• [Exercise description]: Only the pictures should be left out; write out all other data exactly.

++++ The data

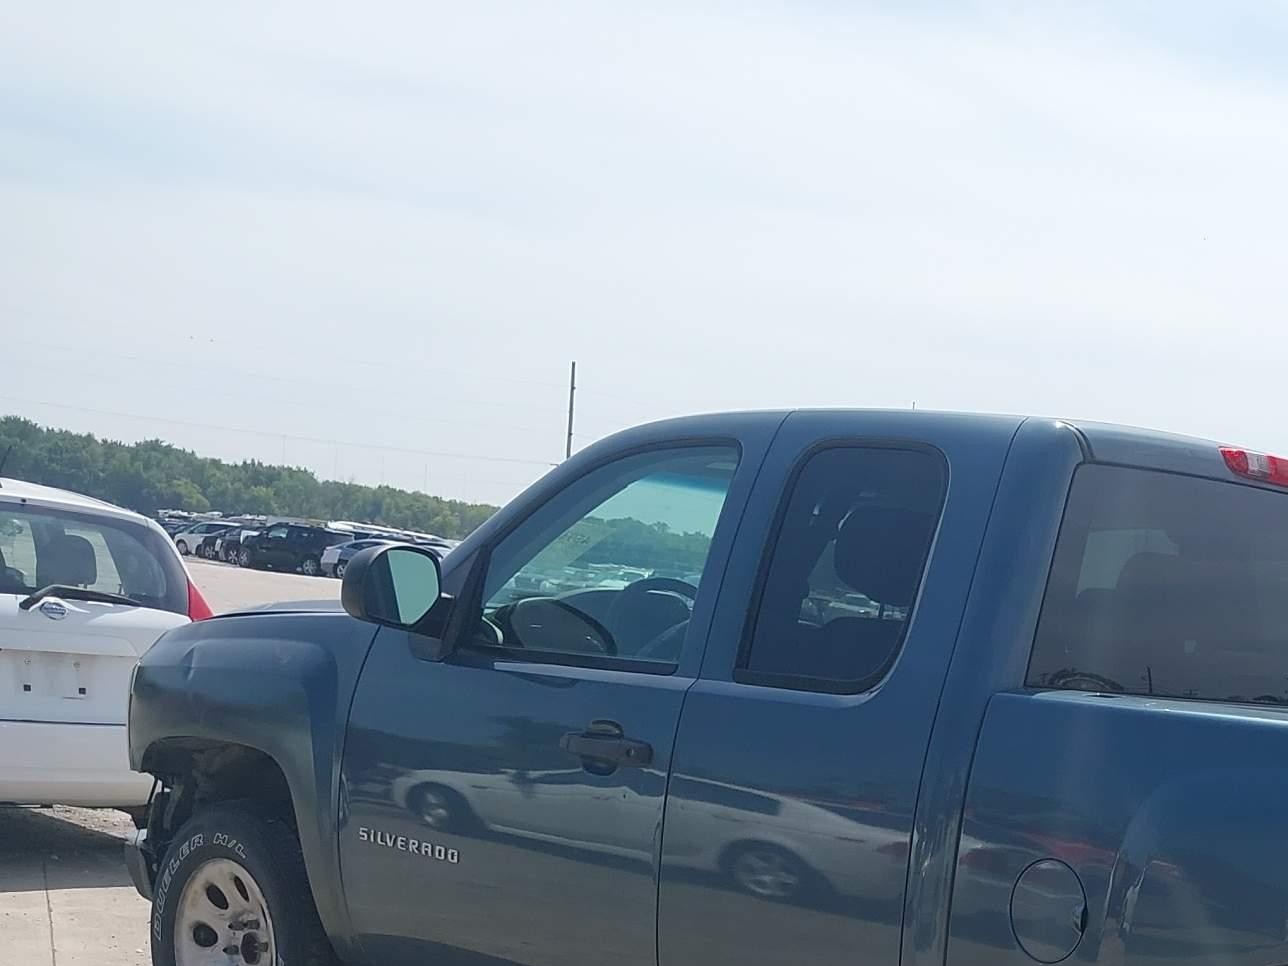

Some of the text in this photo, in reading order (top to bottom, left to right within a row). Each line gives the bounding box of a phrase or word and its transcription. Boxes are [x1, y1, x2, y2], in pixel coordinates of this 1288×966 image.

[359, 827, 459, 863] SILVERADO
[155, 832, 249, 941] DUELER H/L
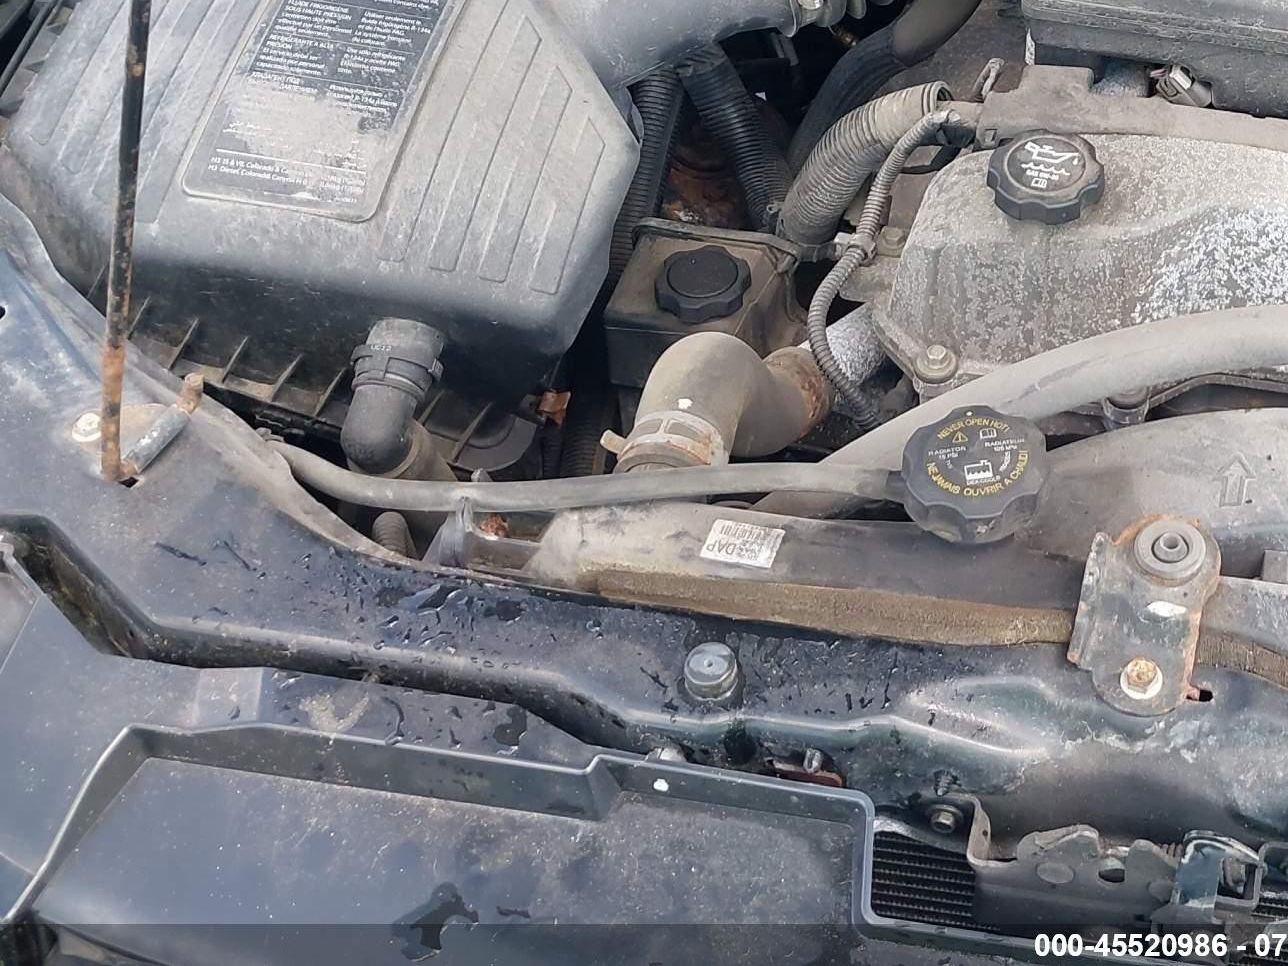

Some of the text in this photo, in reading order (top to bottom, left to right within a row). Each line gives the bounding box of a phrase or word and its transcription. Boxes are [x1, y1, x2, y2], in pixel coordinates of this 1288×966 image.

[937, 418, 1011, 440] NEVER OPEN HOT!
[928, 446, 966, 456] RADIATOR
[932, 474, 961, 494] JAMAIS
[963, 482, 1005, 497] OUVRIR
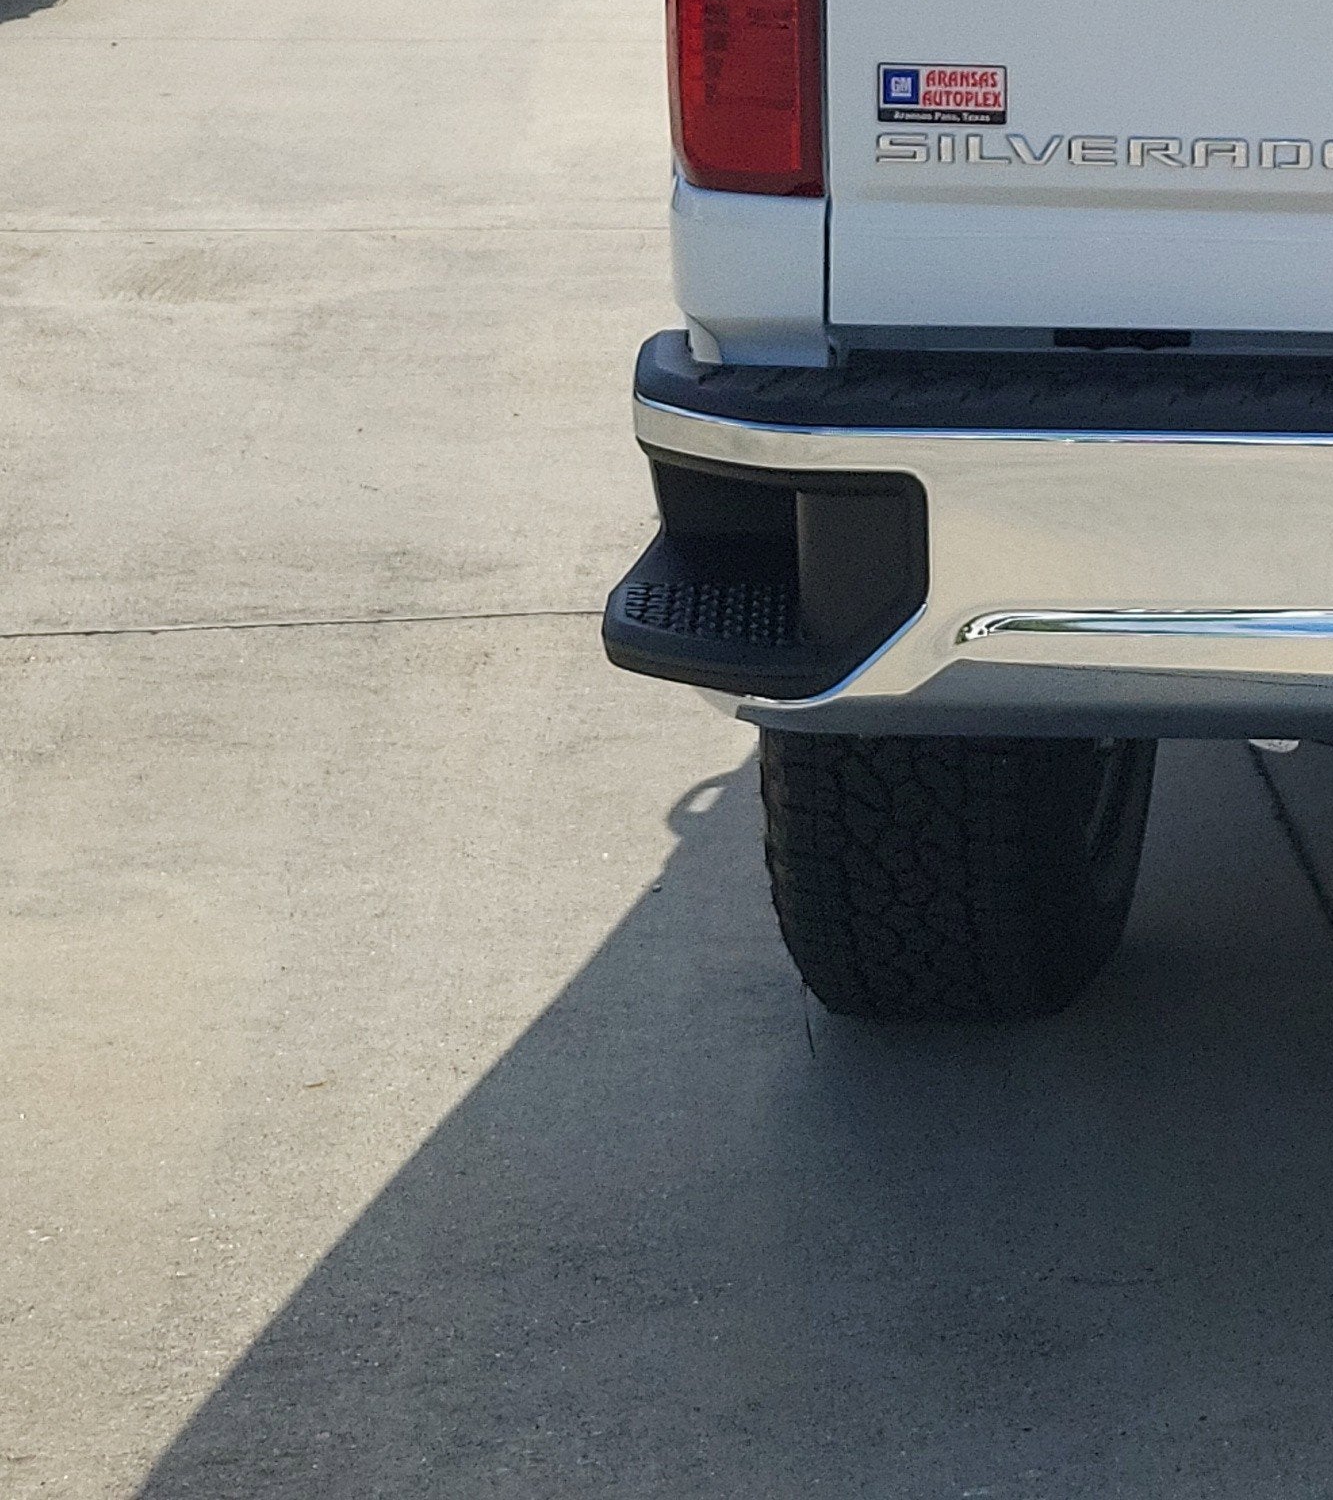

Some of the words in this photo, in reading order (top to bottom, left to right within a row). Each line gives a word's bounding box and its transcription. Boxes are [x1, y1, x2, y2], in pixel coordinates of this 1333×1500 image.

[890, 76, 912, 97] GM
[926, 69, 999, 88] ARANSAS
[922, 90, 1002, 108] AUTOPLEX
[962, 112, 991, 122] Texas
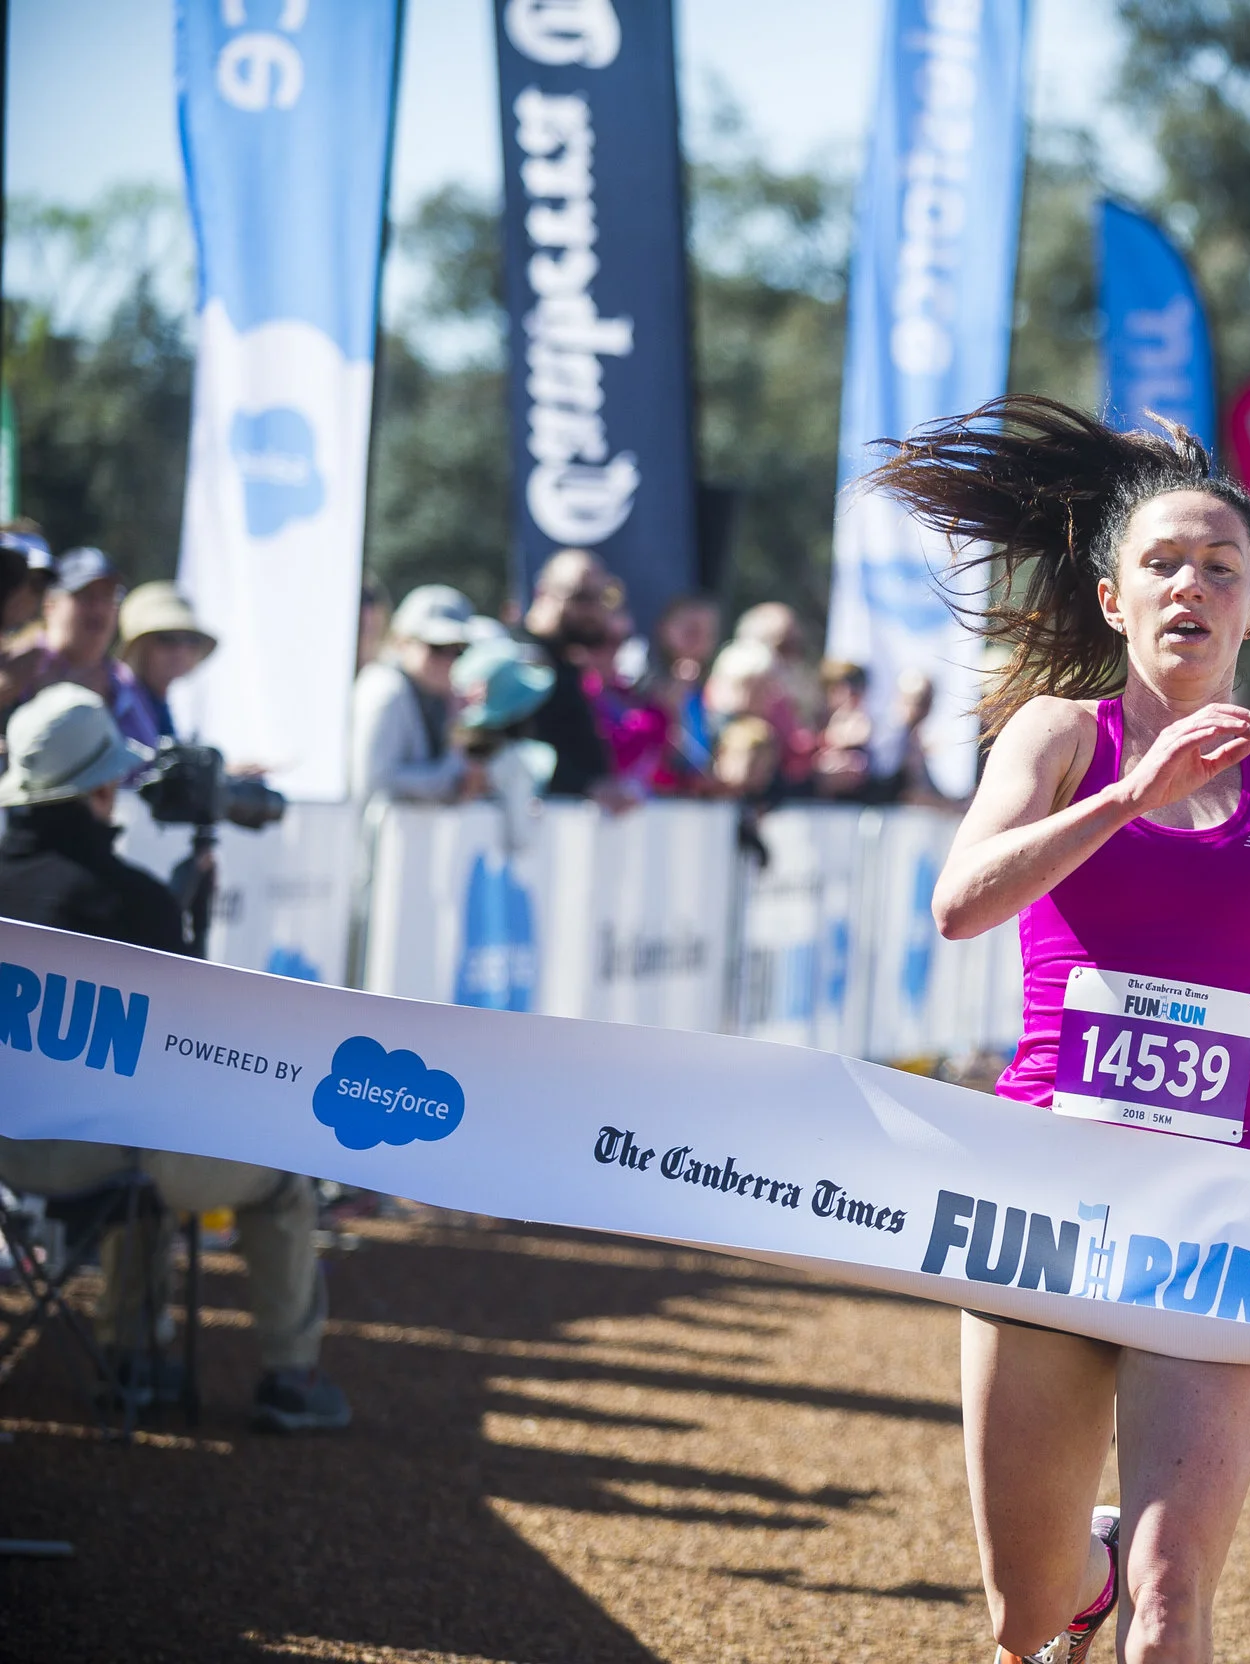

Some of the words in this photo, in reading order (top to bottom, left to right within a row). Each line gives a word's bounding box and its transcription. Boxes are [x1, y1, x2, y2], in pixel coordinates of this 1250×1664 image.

++++++++

• [Solution to the problem]:
Some of the text in this photo, in reading order (top to bottom, left to right within a row). Each line gives the bounding box of a phrase or word and its transcription. Boxes are [x1, y1, x2, y2], in pixel coordinates of this 1288×966 image.

[359, 827, 459, 863] SILVERADO
[155, 832, 249, 941] DUELER H/L

Some of the text in this photo, in reading order (top to bottom, left to right within a row). Each line gives the bounding box of a phrase or word and its transcription. Boxes are [x1, y1, x2, y2], in pixel coordinates of this 1288×966 image.

[937, 418, 1011, 440] NEVER OPEN HOT!
[928, 446, 966, 456] RADIATOR
[932, 474, 961, 494] JAMAIS
[963, 482, 1005, 497] OUVRIR

Some of the words in this photo, in reading order (top to bottom, left to right within a row). Each line gives a word's bounding box and its transcription. Boxes are [x1, y1, x2, y2], in pixel coordinates of this 1333×1500 image.

[890, 76, 912, 97] GM
[926, 69, 999, 88] ARANSAS
[922, 90, 1002, 108] AUTOPLEX
[962, 112, 991, 122] Texas

Some of the words in this photo, in reading order (top to bottom, left to right within a row). Each line gives a word's bounding box and its transcription. Boxes are [x1, y1, x2, y2], in pixel coordinates of this 1250×1664 image.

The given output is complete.